Saturday, May 08, 2004

This oughta go over well in Iraq

We find the following report about interrogation techniques approved April 2003 for use at Guantanamo by the Defense Department to be startling familiar.
    In April 2003, the Defense Department approved a list of interrogation techniques for use at the Guantanamo Bay prison that permits making a detainee disrobe entirely for questioning, reversing normal sleep patterns and exposing them to heat, cold and "sensory assault," including loud music and bright lights, according to defense officials.

    The more aggressive techniques require approval from senior Pentagon officials, and in some cases, the secretary of defense. Interrogators must justify that harshest treatment is "militarily necessary," according to the document, parts of which were cited by an official who possessed the document. Once approved, harsher treatment must be accompanied by "appropriate medical monitoring."

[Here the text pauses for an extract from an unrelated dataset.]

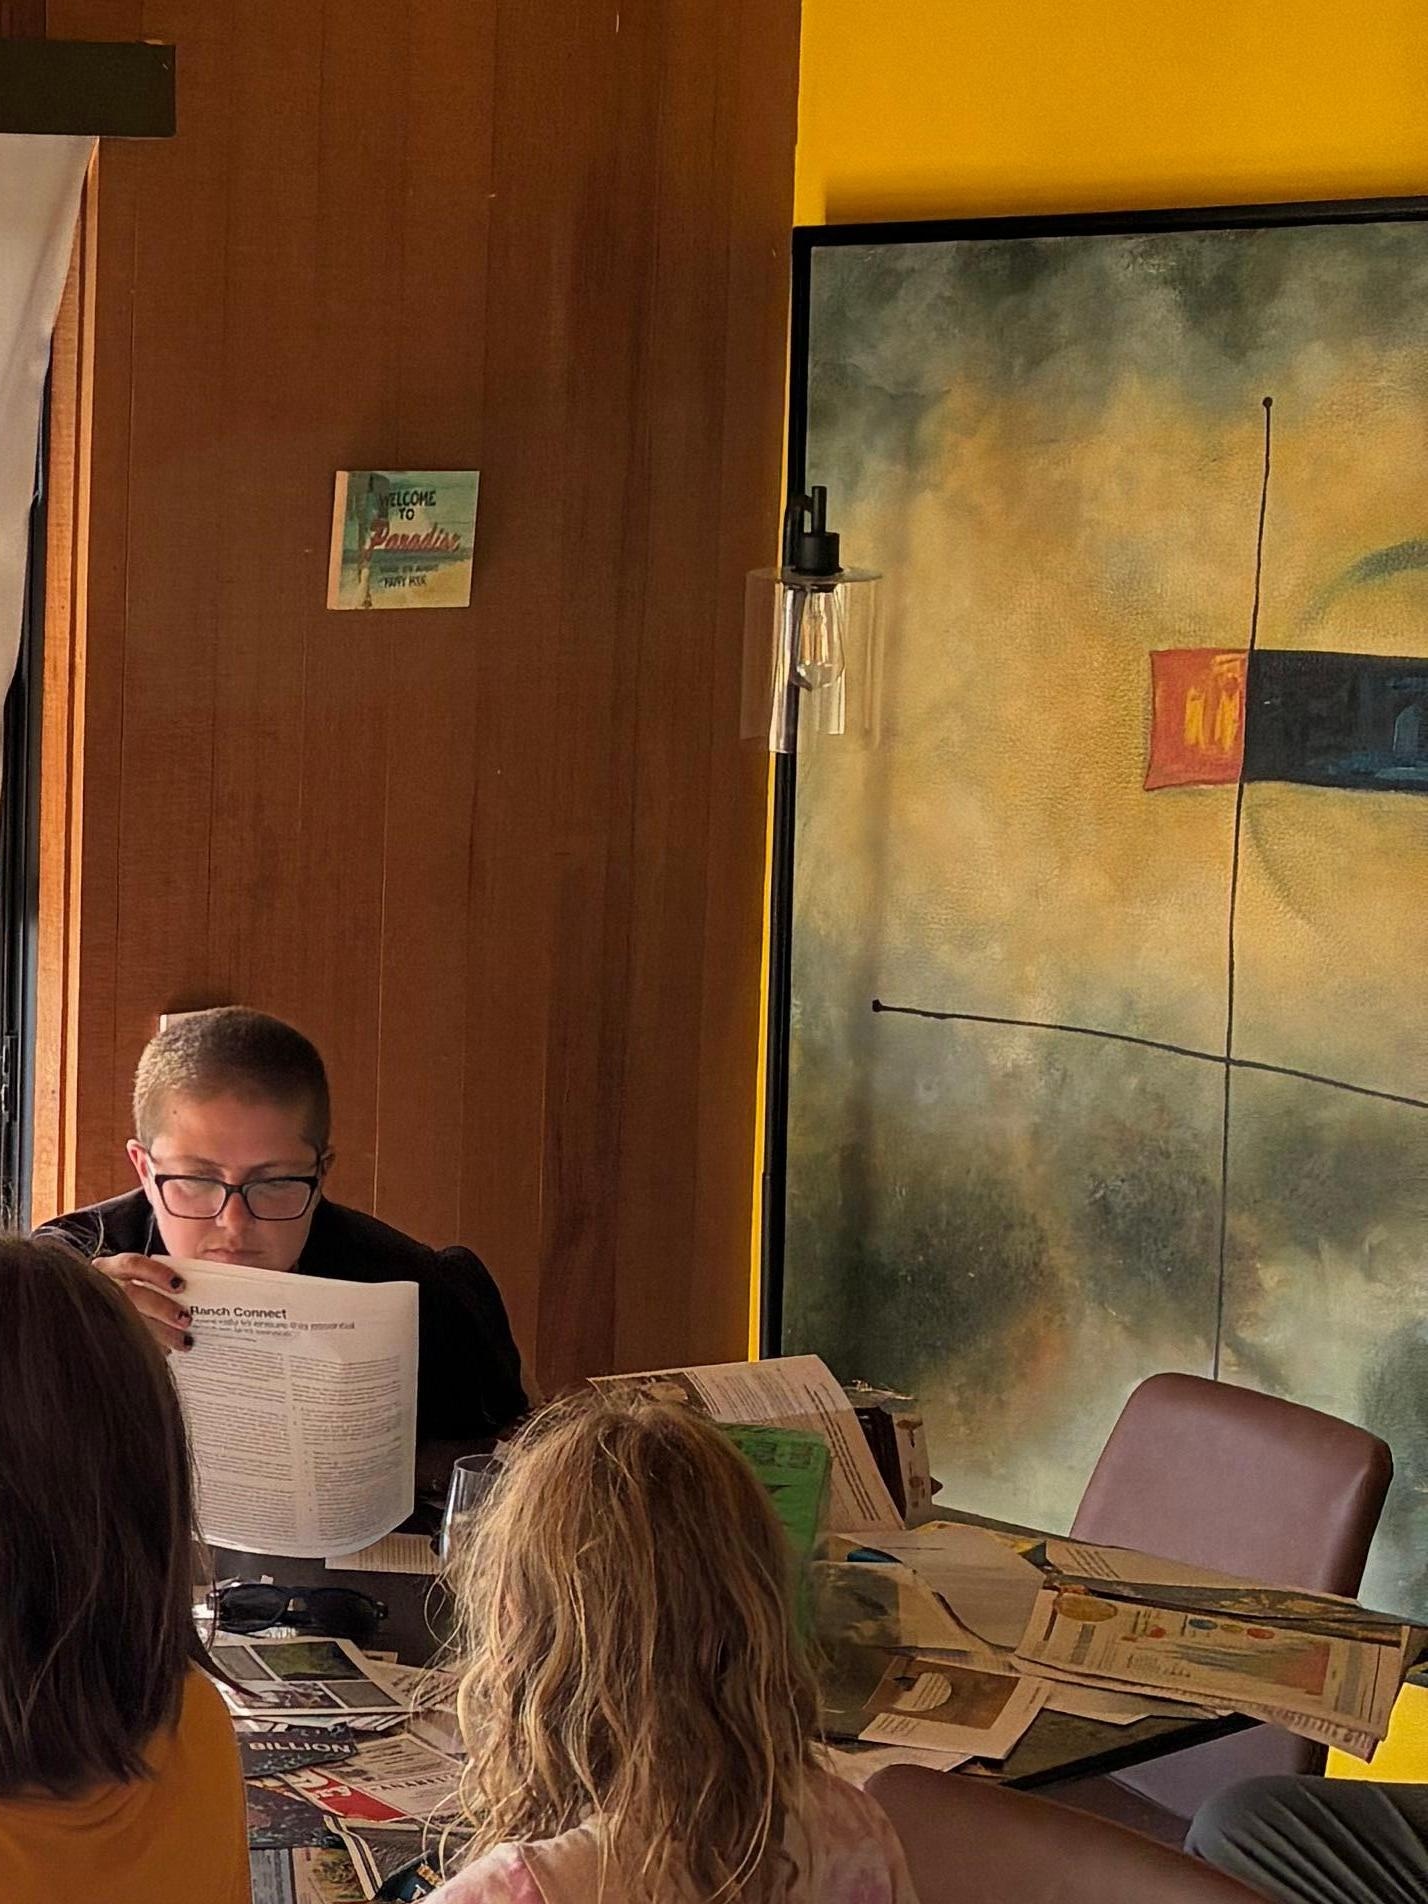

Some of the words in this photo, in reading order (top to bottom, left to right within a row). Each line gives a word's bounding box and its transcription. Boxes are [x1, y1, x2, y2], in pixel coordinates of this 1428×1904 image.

    "We wanted to find a legal way to jack up the pressure," said one lawyer who helped write the guidelines. "We wanted a little more freedom than in a U.S. prison, but not torture."

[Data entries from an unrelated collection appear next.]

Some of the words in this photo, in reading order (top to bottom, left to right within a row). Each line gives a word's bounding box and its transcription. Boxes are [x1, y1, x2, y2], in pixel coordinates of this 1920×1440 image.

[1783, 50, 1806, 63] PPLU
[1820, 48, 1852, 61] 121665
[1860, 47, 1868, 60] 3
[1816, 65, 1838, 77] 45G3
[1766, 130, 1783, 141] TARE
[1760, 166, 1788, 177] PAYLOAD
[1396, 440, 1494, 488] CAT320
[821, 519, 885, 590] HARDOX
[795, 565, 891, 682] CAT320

    The classified list of roughly 20 techniques was approved at the highest levels of the Pentagon and Justice Department and represents the first known documentation of an official policy permitting interrogators to use physically and mentally stressful methods during questioning.
Oh. This is mindblowing. These were officially approved techniques at Guantanomo.

To know that the new guy in charge at Abu Ghraib came from Guantanamo seems like having the fox guard the henhouse. We find this statement :
    "Miller said that in part he used his experience at Guantanamo to help reshape the interrogation process. "
Anybody else have trust issues here?